PUTNAM: Yeah. It's one of the things that we discovered when we talked to rich kids and poor kids around America, that we didn't expect - but kids, like my grandchildren and, like, you know, probably, like, your children or grandchildren, all across America have a lot of adults in their life that are reaching out to help them. They tell them about what it means to go to college.
PUTNAM: They describe, you know, how you can get through high school properly and where you can find a fellowship and - the bottom line of all of the statistics in our study is that poor kids are increasingly isolated from everyone. They just don't have stable, responsible adults in their lives much of the time. And that means they're just really ignorant. Not because they're stupid, but because they don't have mentors and adult helpers that most of us had when we were growing up.
SIMON: I have to step in for a moment, professor. Did you mean to call poor people ignorant?
PUTNAM: What I meant to say was that they were unaware of the opportunities and challenges around them. They lack savvy. They don't lack IQ, they lack savvy.
SIMON: Does the Internet, this powerful force in our lives, level some of these gaps or irritate them?
PUTNAM: All kids nowadays, rich and poor, have smartphones and access to the Internet, and that you might think levels the playing field. But kids coming from well-off homes tend to use the Internet in ways that are helpful to their upward mobility. They learn about jobs, and they learn about schools and so on. And poor kids tend to use it really much more for just entertainment. So the Internet, in effect, kind of mirrors the disadvantages poor kids have in the real world.
SIMON: Wasn't the hope that good public schools would somehow level the playing field of opportunity and make upward mobility possible?
PUTNAM: Yes, historically that's been the role from the very beginning. That's less true in America now.

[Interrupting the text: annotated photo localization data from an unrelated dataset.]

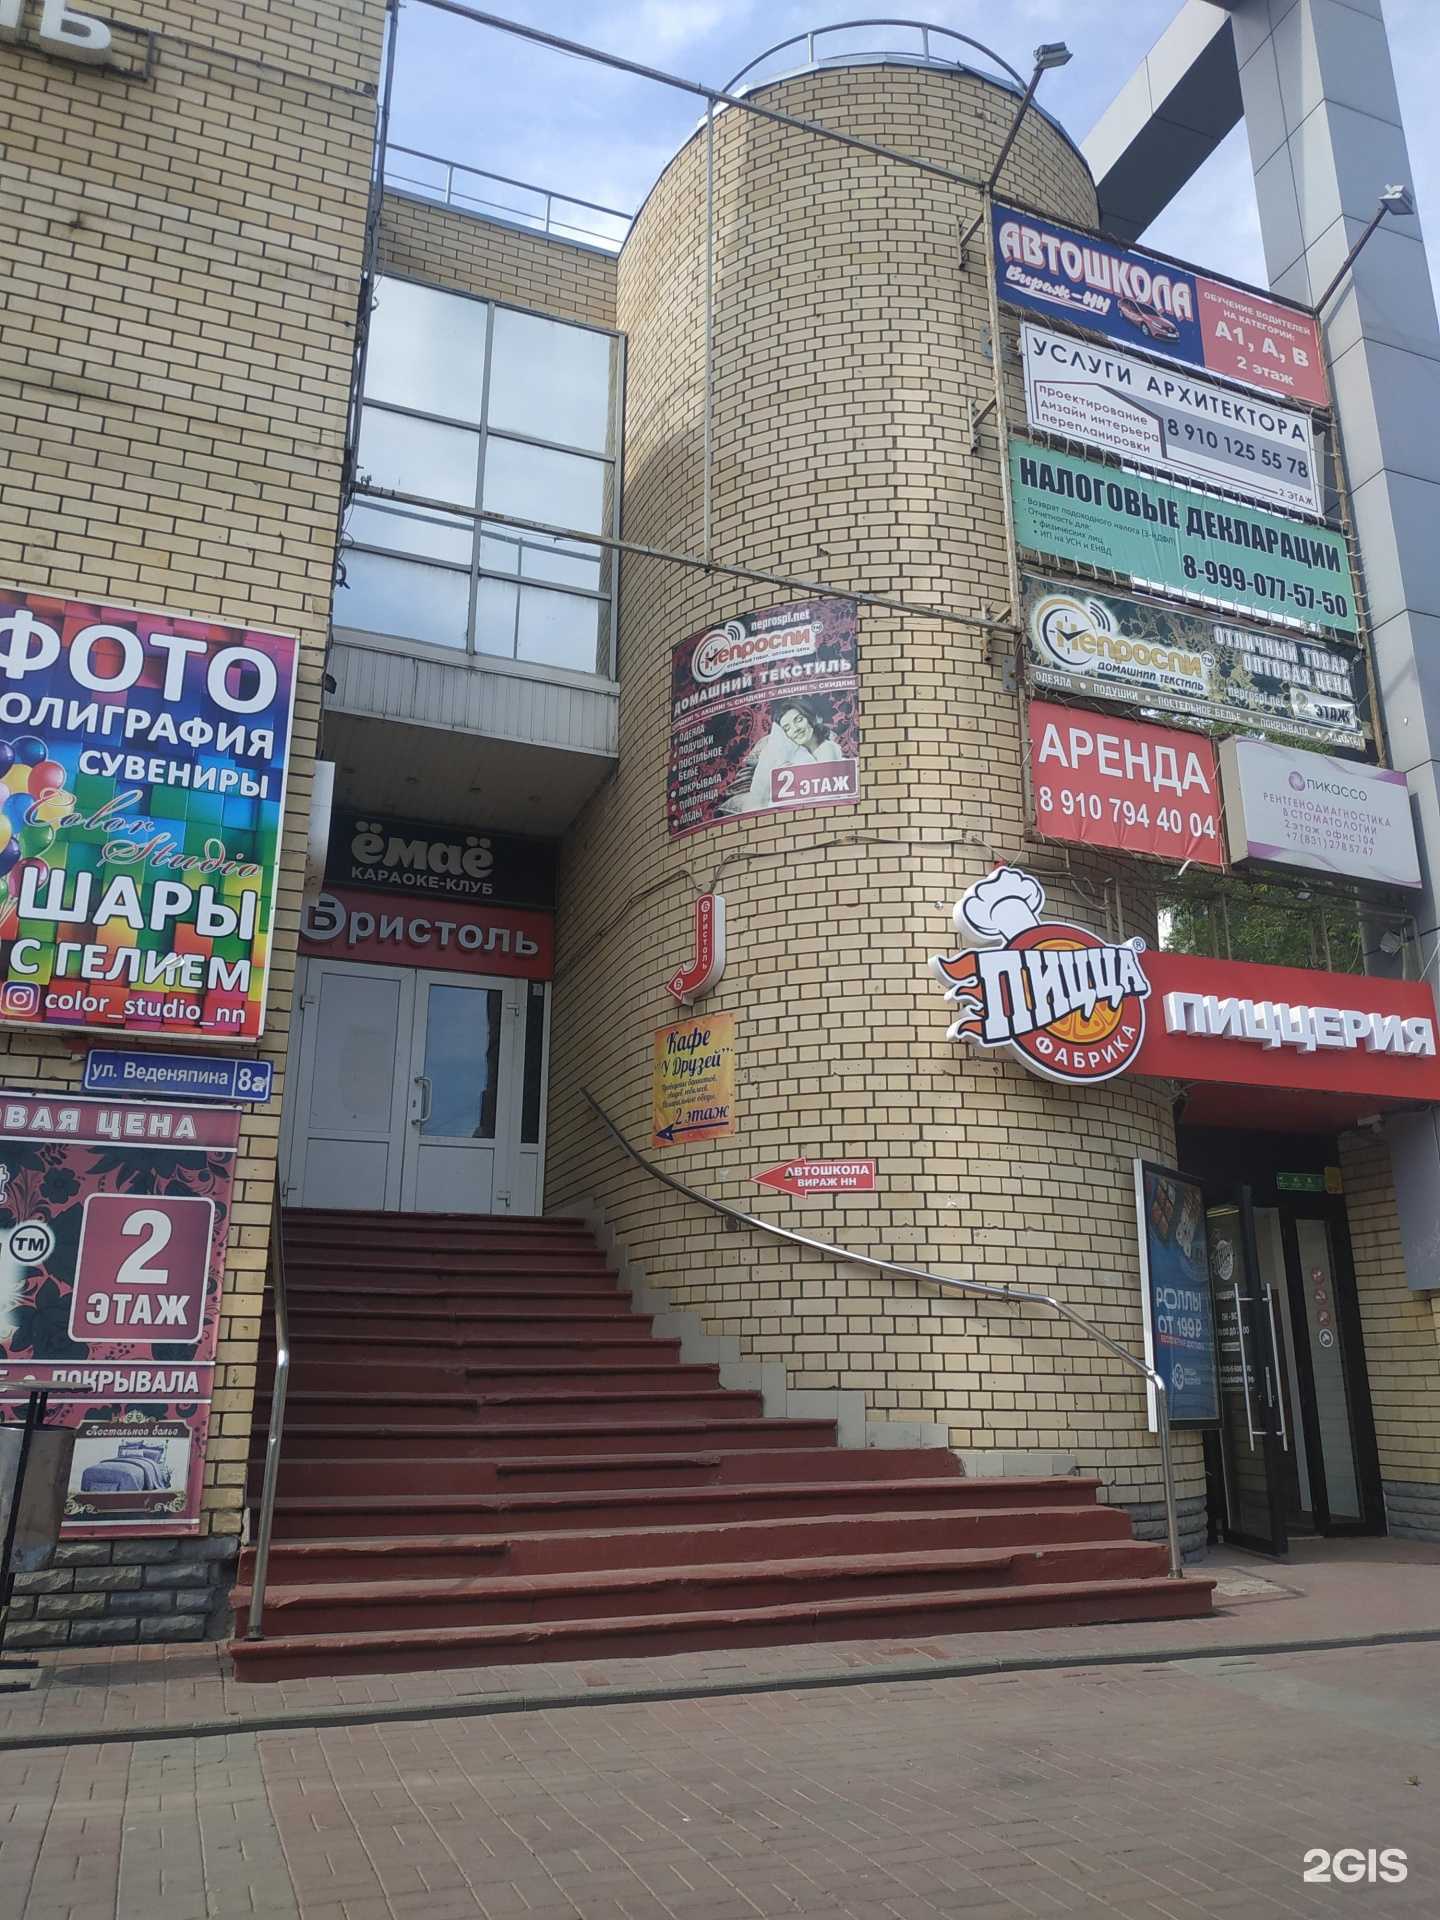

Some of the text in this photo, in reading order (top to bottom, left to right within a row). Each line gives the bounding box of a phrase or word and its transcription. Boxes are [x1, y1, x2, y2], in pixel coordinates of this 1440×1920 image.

[999, 221, 1193, 322] АВТОШКОЛА
[1204, 292, 1311, 336] ОБУЧЕНИЕ ВОДИТЕЛЕЙ
[1223, 310, 1237, 320] НА
[1033, 337, 1305, 442] УСЛУГИ АРХИТЕКТОРА
[1236, 356, 1295, 386] 2 этаж
[1040, 385, 1148, 425] проектирование
[1042, 413, 1151, 453] перепланировки
[1091, 414, 1160, 442] интерьера
[1167, 419, 1308, 479] 8 910 125 55 78
[1020, 457, 1341, 573] НАЛОГОВЫЕ ДЕКЛАРАЦИИ
[1279, 488, 1313, 506] 2 ЭТАЖ
[1183, 554, 1348, 618] 8-999-077-57-50
[750, 608, 810, 631] neprospi.net
[0, 608, 278, 714] ФОТО
[1213, 625, 1350, 674] ОТЛИЧНЫЙ ТОВАР
[673, 658, 852, 717] ДОМАШНИЙ ТЕКСТИЛЬ
[1035, 671, 1072, 689] ОДЕЯЛА
[1093, 683, 1138, 701] ПОДУШКИ
[1158, 695, 1213, 716] ПОСТЕЛЬНОЕ
[1159, 673, 1204, 691] ТЕКСТИЛЬ
[1242, 652, 1312, 686] ОПТОВАЯ
[1314, 670, 1354, 700] ЦЕНА
[1314, 703, 1351, 723] ЭТАЖ
[678, 746, 723, 770] ПОСТЕЛЬНОЕ
[679, 734, 714, 754] ПОДУШКИ
[1038, 723, 1210, 797] АРЕНДА
[78, 750, 269, 799] СУВЕНИРЫ
[678, 766, 699, 781] БЕЛЬЕ
[678, 773, 722, 796] ПОКРЫВАЛА
[777, 770, 849, 798] 2 ЭТАЖ
[22, 787, 155, 833] Color
[1039, 786, 1216, 840] 8 910 794 40 04
[1263, 792, 1392, 827] РЕНТГЕНОДИАГНОСТИКА
[1291, 809, 1377, 835] СТОМАТОЛОГИИ
[96, 829, 261, 877] Studio
[1325, 830, 1355, 843] офис
[351, 866, 493, 895] КАРАОКЕ-КЛУБ
[17, 865, 257, 941] ШАРЫ
[300, 892, 539, 955] Бристоль
[10, 938, 250, 993] С ГЕЛИЕМ
[44, 989, 246, 1026] color_studio_nn
[976, 947, 1148, 1044] ПИЦЦА
[667, 1027, 711, 1055] Кафе
[1165, 991, 1436, 1056] ПИЦЦЕРИЯ
[1035, 1024, 1137, 1069] ФАБРИКА
[91, 1062, 117, 1080] ул.
[123, 1062, 229, 1085] Веденяпина
[0, 1104, 196, 1140] ВАЯ ЦЕНА
[673, 1105, 730, 1124] 2 этаж
[784, 1165, 870, 1177] АВТОШКОЛА
[797, 1177, 857, 1187] ВИРАЖ НН
[116, 1209, 172, 1285] 2
[85, 1292, 191, 1326] ЭТАЖ
[1156, 1287, 1202, 1313] РОЛЛЫ
[1157, 1314, 1174, 1334] ОТ
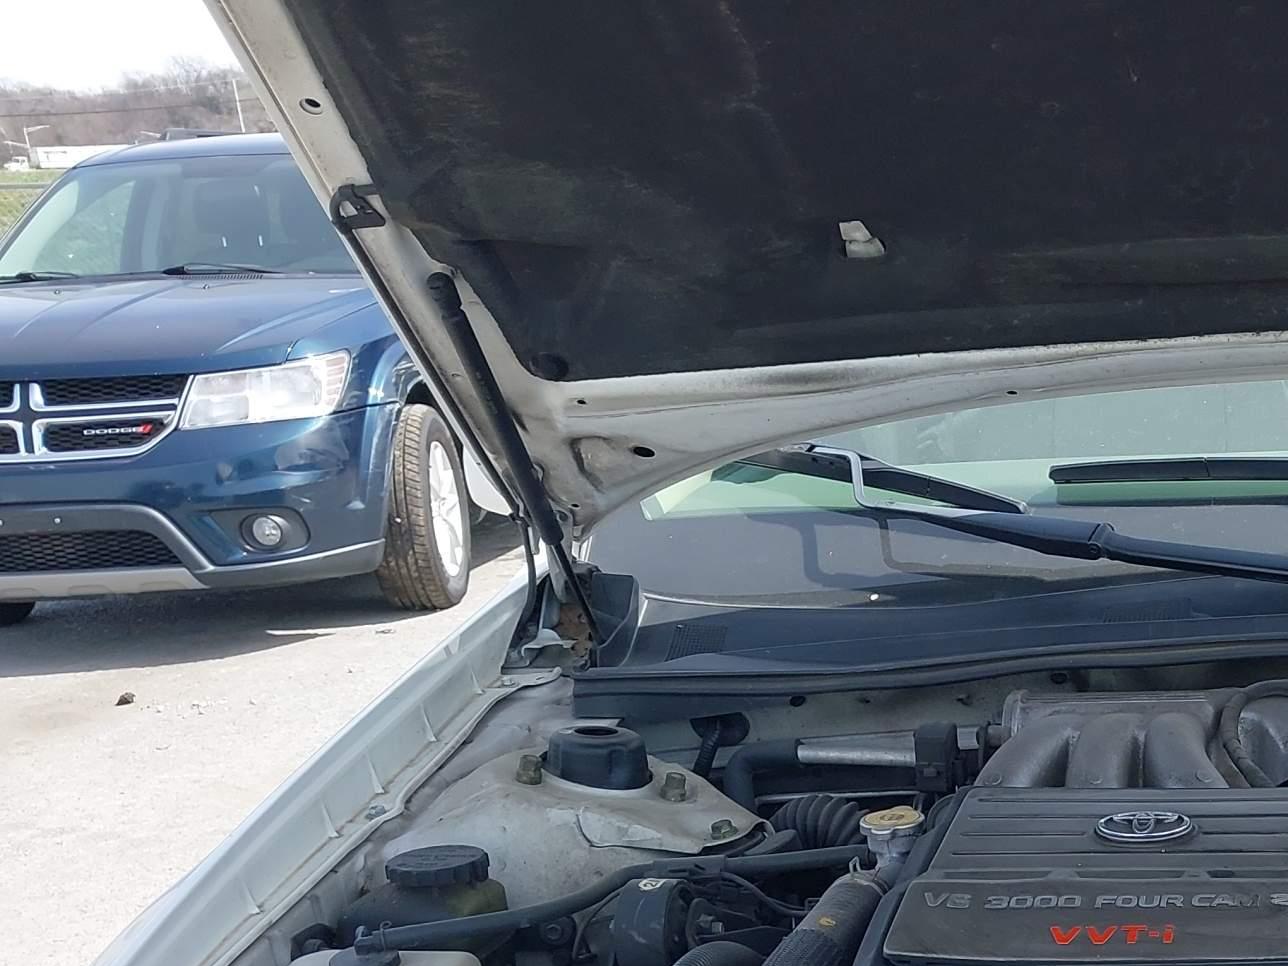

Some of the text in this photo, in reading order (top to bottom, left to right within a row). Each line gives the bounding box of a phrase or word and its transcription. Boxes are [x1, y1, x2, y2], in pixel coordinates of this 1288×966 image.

[83, 427, 143, 436] DODGE
[984, 893, 1081, 908] 3000
[1095, 894, 1184, 908] FOUR
[1191, 893, 1261, 909] CAM
[1050, 924, 1176, 945] VVT-i

Rich kids are mostly now going to school with other rich kids, and poor kids are going to school with other poor kids. And that is putting a wedge in the ability that the schools have to narrow that gap.
SIMON: I was startled by - to read the words of a young woman named Mary Sue in your book who says, I'll quote it, "Love gets you hurt, trust gets you killed."
PUTNAM: Yeah. In her experience, she can't trust other people. That's not paranoia, that's real experience. And this shows up in national data. We see nationally that poor kids are much less likely to trust anybody.